Friday, April 26, 2013

The first what?

Nobel Laureate Toni Morrison famously wrote in 1998 that Bill Clinton was, "white skin notwithstanding...our first black President."  Morrison was writing about the way Clinton was treated during his impeachment, not about his particularly being interested in black issues or helpful to blacks as president.  That did not stop others from taking it that way, and it's probably not an entirely unfair characterization even if Morrison didn't view it that way.

About a year ago, Newsweek's cover depicted Barack Obama with a rainbow-colored halo and with the headline "The First Gay President." That was surprising to me, because we already had a gay president. His name was James Buchanan, and he was about as openly gay as you can be without actually being out.  Jim Loewen had a great piece in Salon about this issue when the story came out.

Really, Obama can't be fairly described as "the first black president" on anything other than half of his actual race.  Aside from some posturing with respect to the Trayvon Martin murder, he hasn't really been there for blacks on a substantive basis.

Don't get me wrong. Obama is a great symbol.  I was happy to vote for him twice, although, if I'm being honest, it mattered less to me that he was black than that he's a Democrat.  That mattered somewhat less than his vision for the future, and what mattered most of all was who his opponents were and what they stood for.  The fact that he is black was a really nice bonus.  But I would not have voted for Alan Keyes or J.C. Watts or Condoleezza Rice.

No, what Obama is, is the first black white president.  Based on the issues that matter to him, based on his conduct in office, it's pretty clear who gets the sugar and who doesn't when Obama is dishing it out.

Consider for a moment, the following:
  • Little to no investigation or reform of Wall Street's destructive practices;
  • Maintenance of an anti-terrorism program that gives little consideration to civil rights;
  • No focus on jobs;
  • Pushing for cuts to Social Security and Medicare;
  • A universal health care program that is impossibly complex and was written by the health insurance industry, when simply expanding Medicare to cover all Americans would have cost a fraction of what the private-only program will cost; and
  • Unending pursuit of a "grand bargain" with the Republicans on deficit reduction while the economy is sputtering.
I don't pretend that these are "black issues" in any real sense. I happen to think they are issues that almost all Americans should care about and ought to be able to agree on.  But the people who care about the places where Obama has put his priorities--wealthy people--are almost entirely white.  Where there has been an opportunity to side with the masses, where almost all black people reside, Obama is nowhere to be found.

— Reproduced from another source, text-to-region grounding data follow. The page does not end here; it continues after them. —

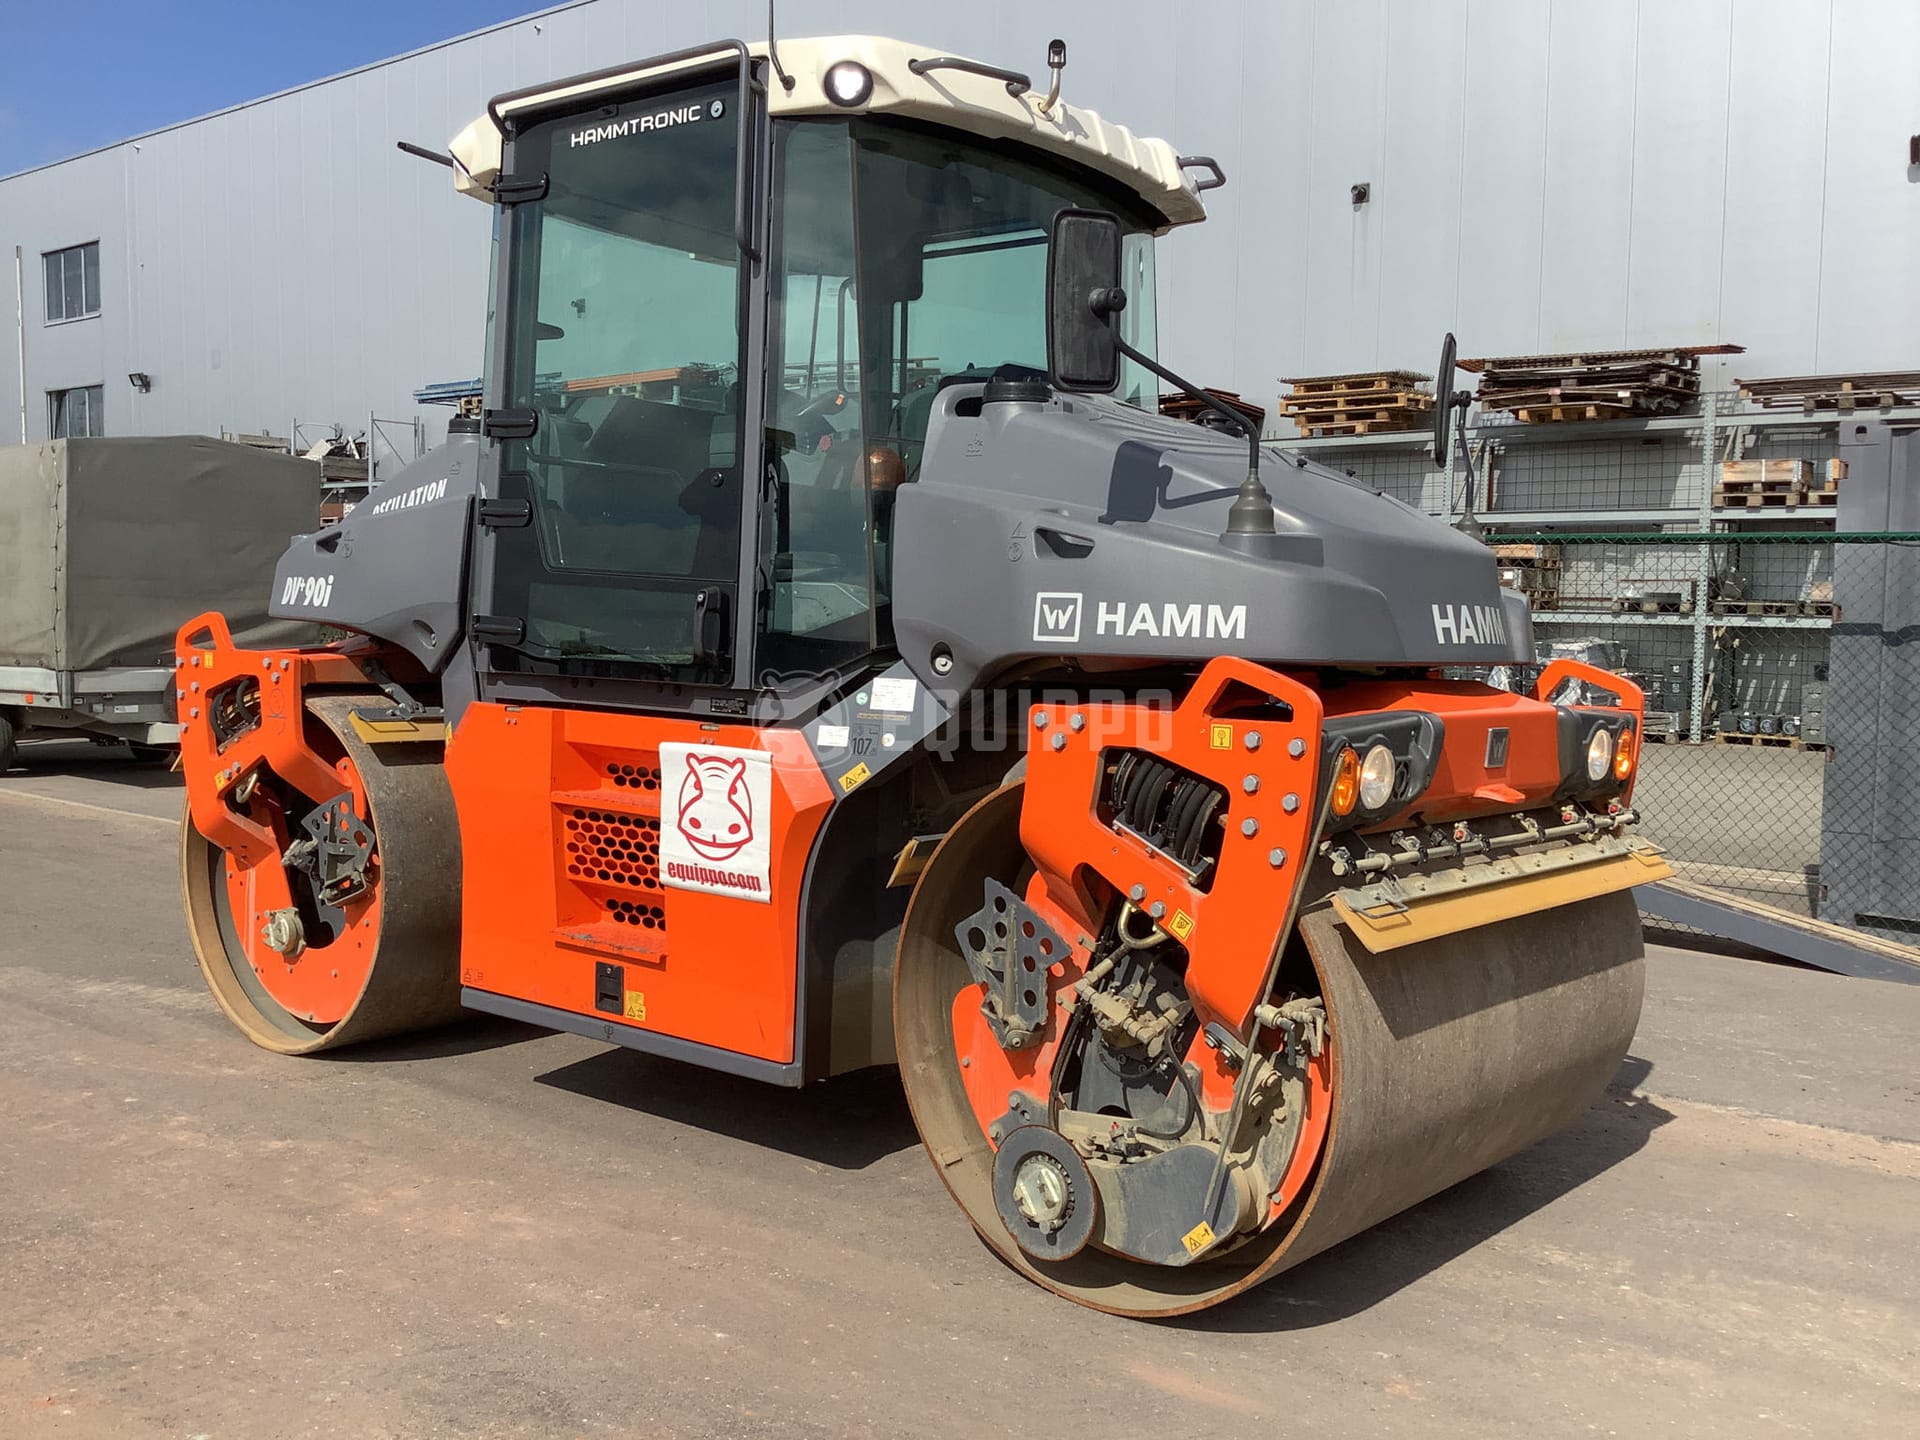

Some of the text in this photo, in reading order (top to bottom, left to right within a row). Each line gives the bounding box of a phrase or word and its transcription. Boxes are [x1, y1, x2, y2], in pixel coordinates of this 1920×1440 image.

[571, 105, 701, 147] HAMMTRONIC
[1096, 601, 1247, 640] HAMM
[853, 738, 872, 755] 107
[667, 861, 762, 892] equippo.com
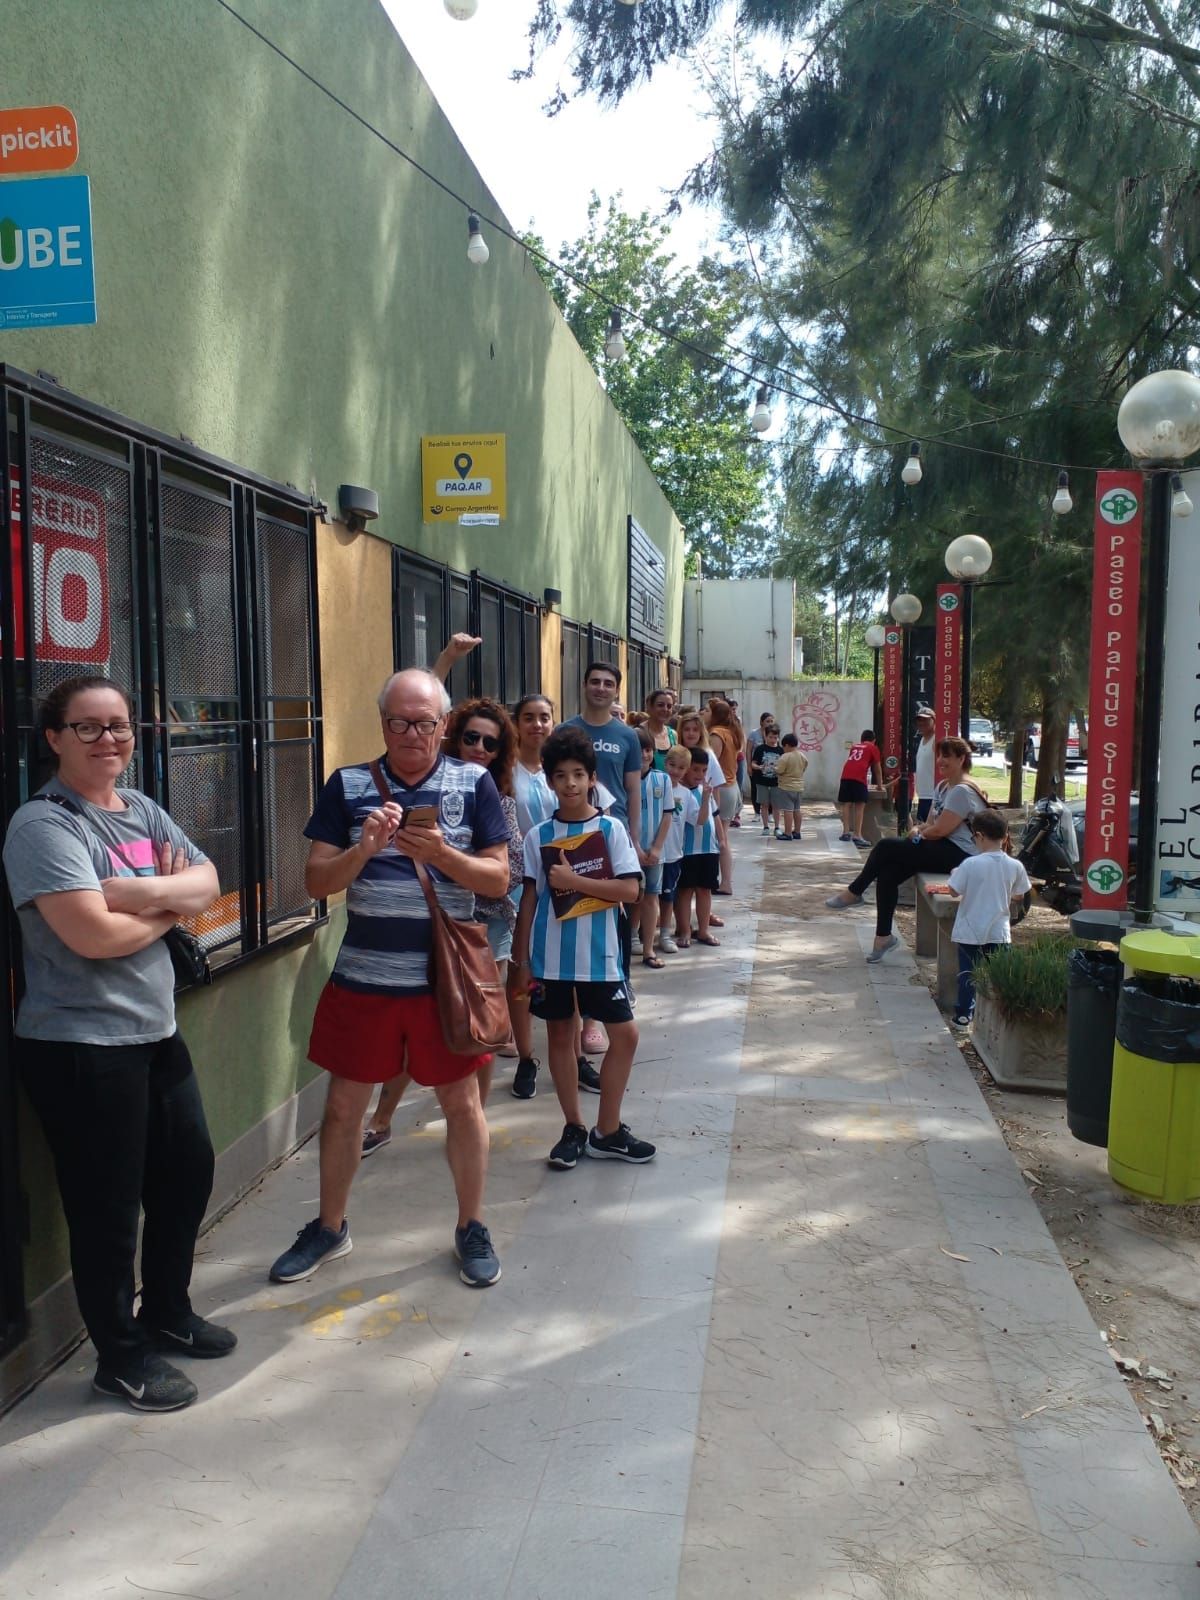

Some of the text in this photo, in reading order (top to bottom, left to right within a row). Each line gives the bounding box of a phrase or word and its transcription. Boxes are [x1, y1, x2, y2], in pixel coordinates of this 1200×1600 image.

So, if we are assigning people to races based on where their priorities lie, that makes Barack Obama the first black white president.  Which makes him not particularly special, in view of all of the other white presidents we've had.

For the record, that doesn't legitimize any of the more than 90% of criticism against him, which boils down to disliking him, or in most of the cases hating him, because he is black.